Could you transcribe every record below exactly, leaving out the pictures?

■ Data under study:
-=-=-
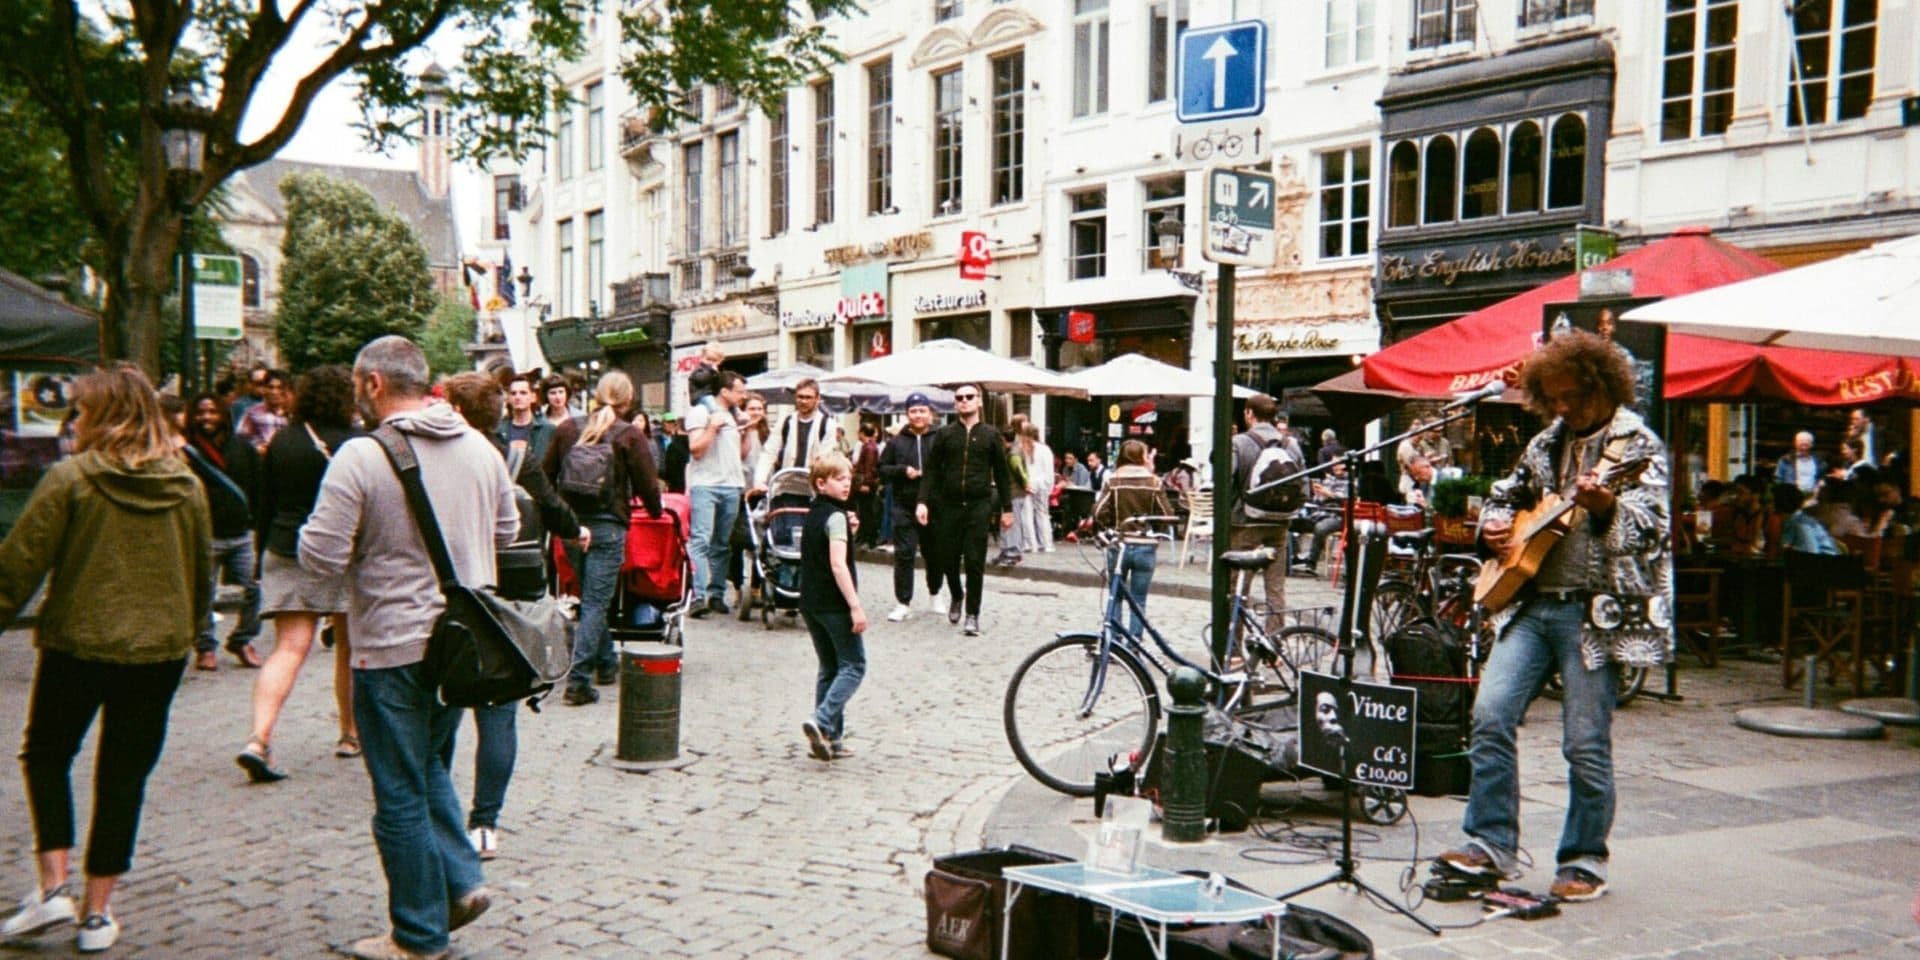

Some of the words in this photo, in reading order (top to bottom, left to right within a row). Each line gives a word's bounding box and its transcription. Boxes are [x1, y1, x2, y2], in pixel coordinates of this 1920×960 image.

[969, 235, 988, 260] Q
[1381, 254, 1417, 282] The
[1418, 247, 1501, 287] English
[1504, 238, 1577, 271] House
[836, 291, 886, 325] Quick
[911, 289, 987, 313] Restaurant
[872, 330, 885, 353] Q
[1347, 690, 1408, 722] Vince
[1373, 745, 1408, 764] Cd's
[1355, 763, 1408, 783] €10,00
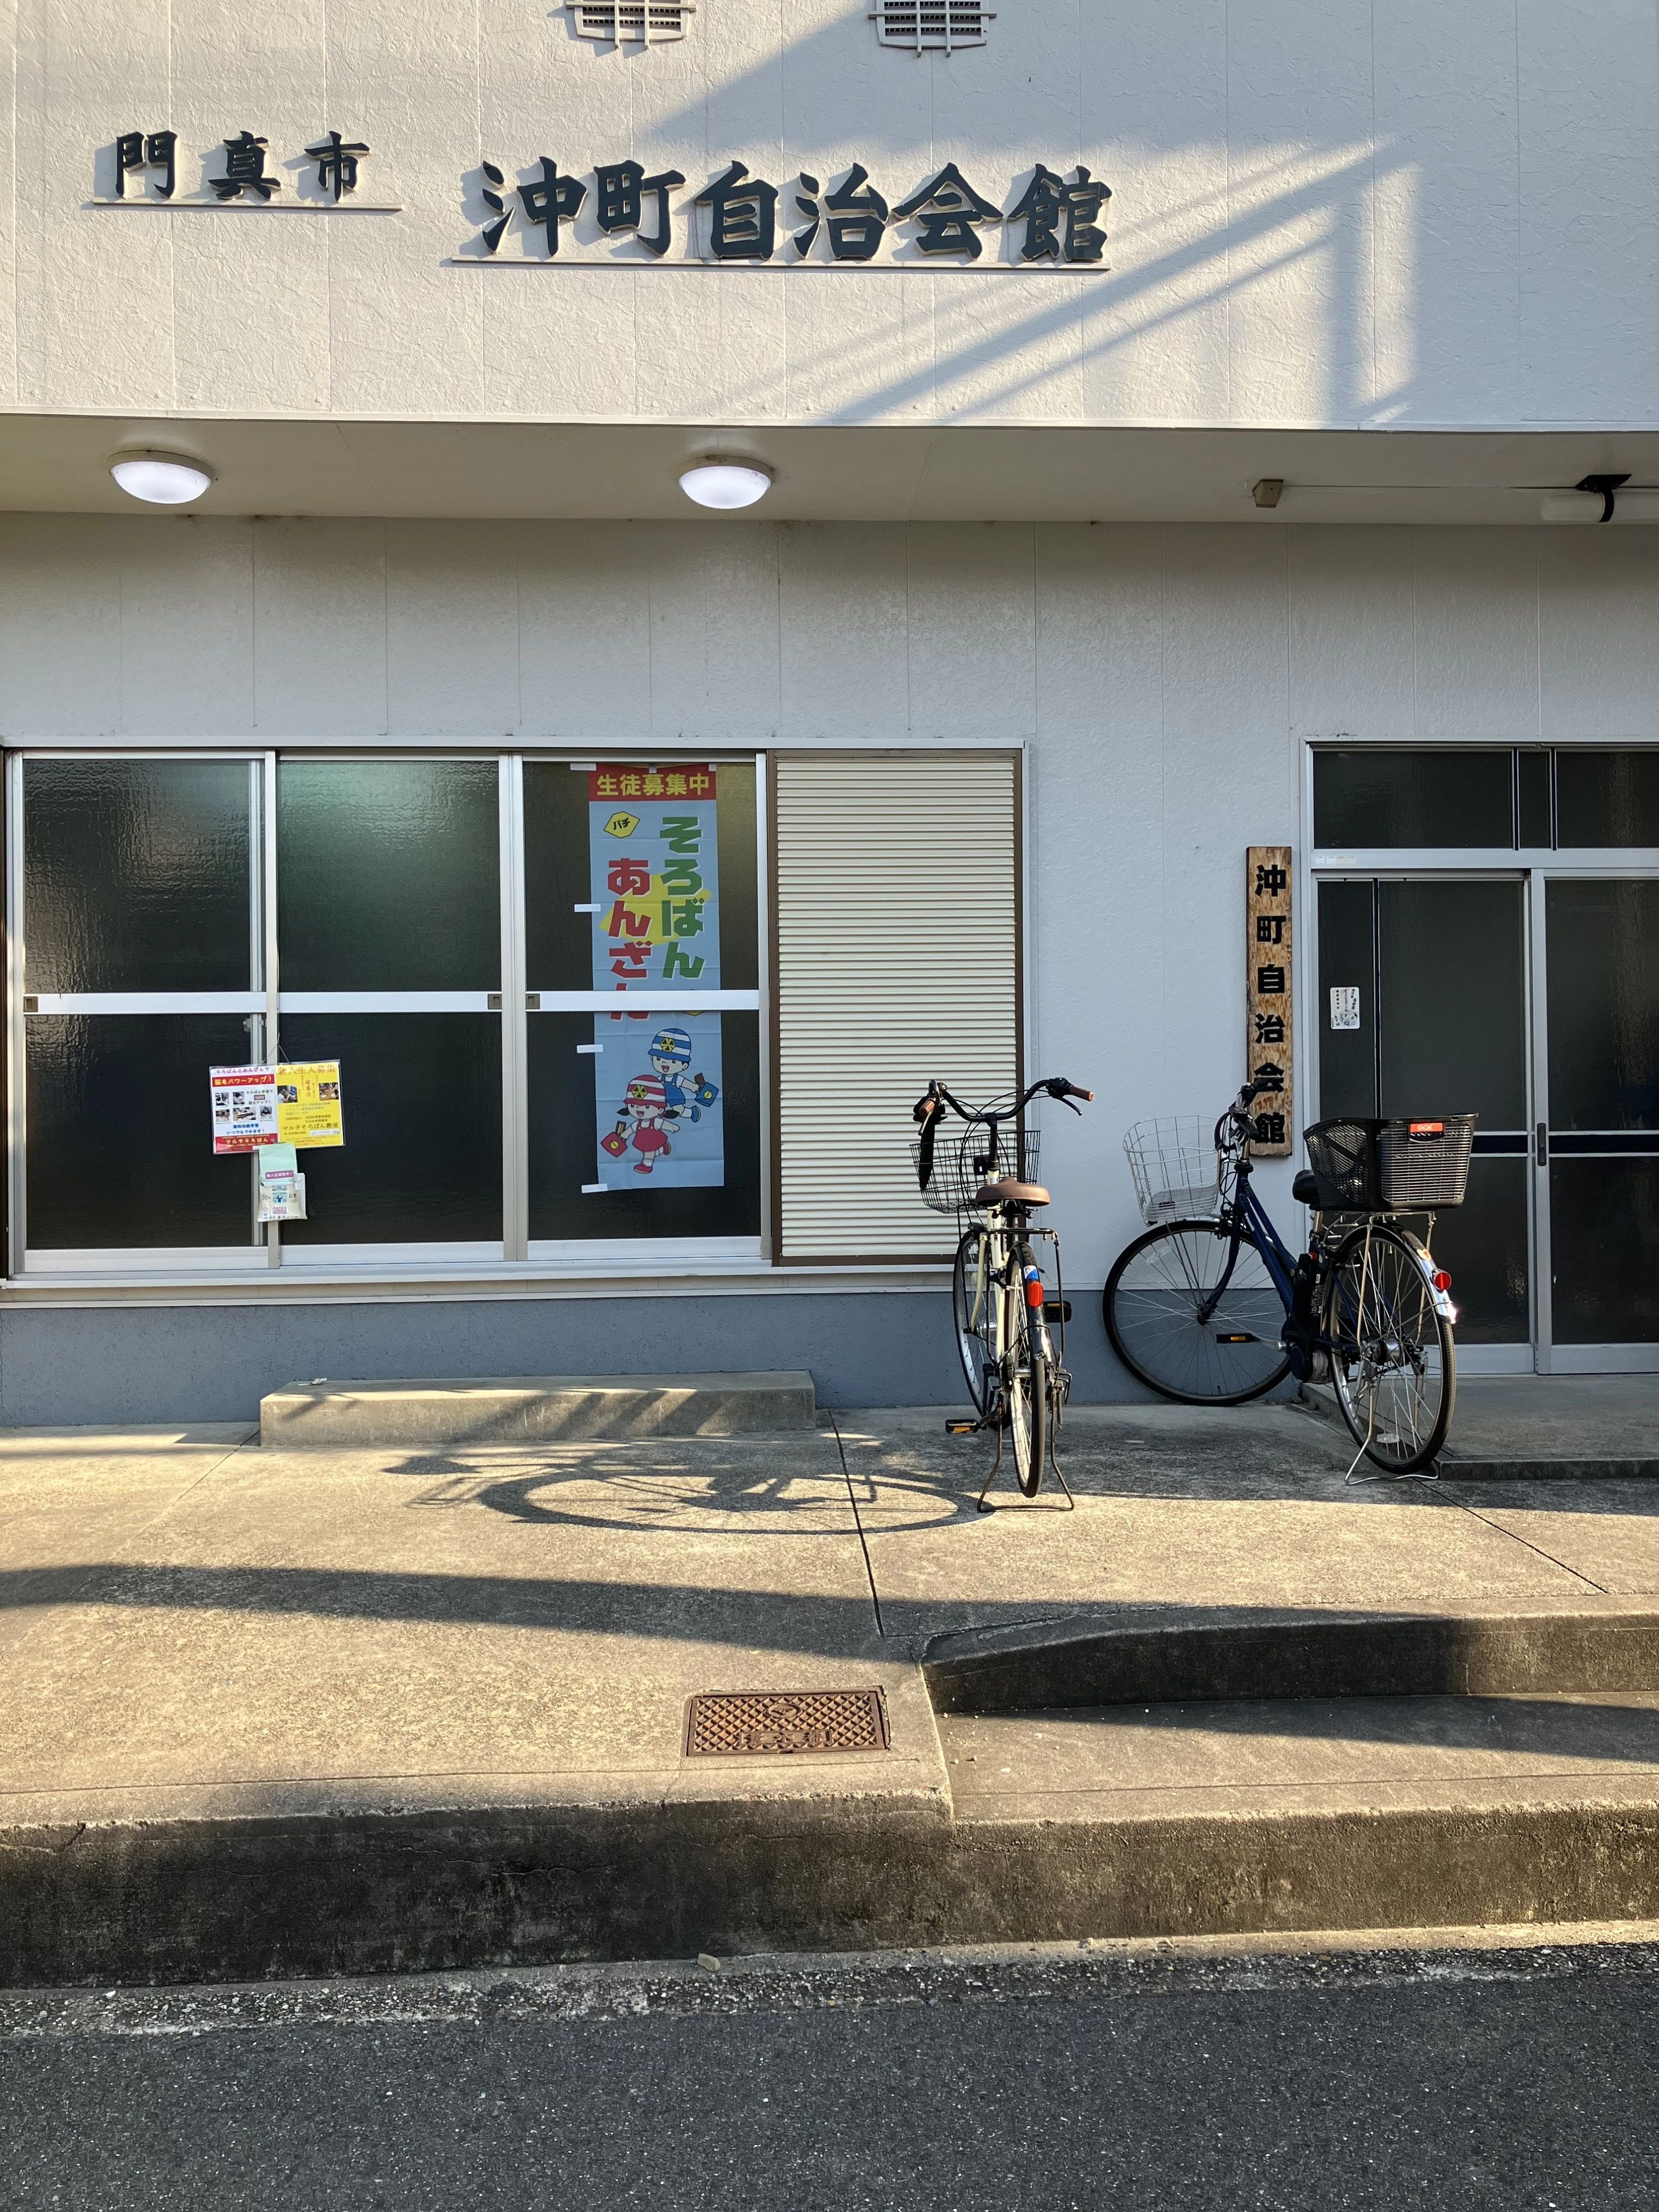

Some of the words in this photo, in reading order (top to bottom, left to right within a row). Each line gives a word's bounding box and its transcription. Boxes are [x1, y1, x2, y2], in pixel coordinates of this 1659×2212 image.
-=-=-
■ Output:
Some of the words in this photo, in reading order (top to bottom, left to right within a row). Each line gives a word's bounding box and its transcription. Boxes are [x1, y1, x2, y2], in pixel coordinates of this 1920×960 image.

[969, 235, 988, 260] Q
[1381, 254, 1417, 282] The
[1418, 247, 1501, 287] English
[1504, 238, 1577, 271] House
[836, 291, 886, 325] Quick
[911, 289, 987, 313] Restaurant
[872, 330, 885, 353] Q
[1347, 690, 1408, 722] Vince
[1373, 745, 1408, 764] Cd's
[1355, 763, 1408, 783] €10,00

Some of the words in this photo, in reading order (top to bottom, left to right within a row). Each line gives a word's bounding box and its transcription. Boxes are [x1, y1, x2, y2], in pixel coordinates of this 1659×2212 image.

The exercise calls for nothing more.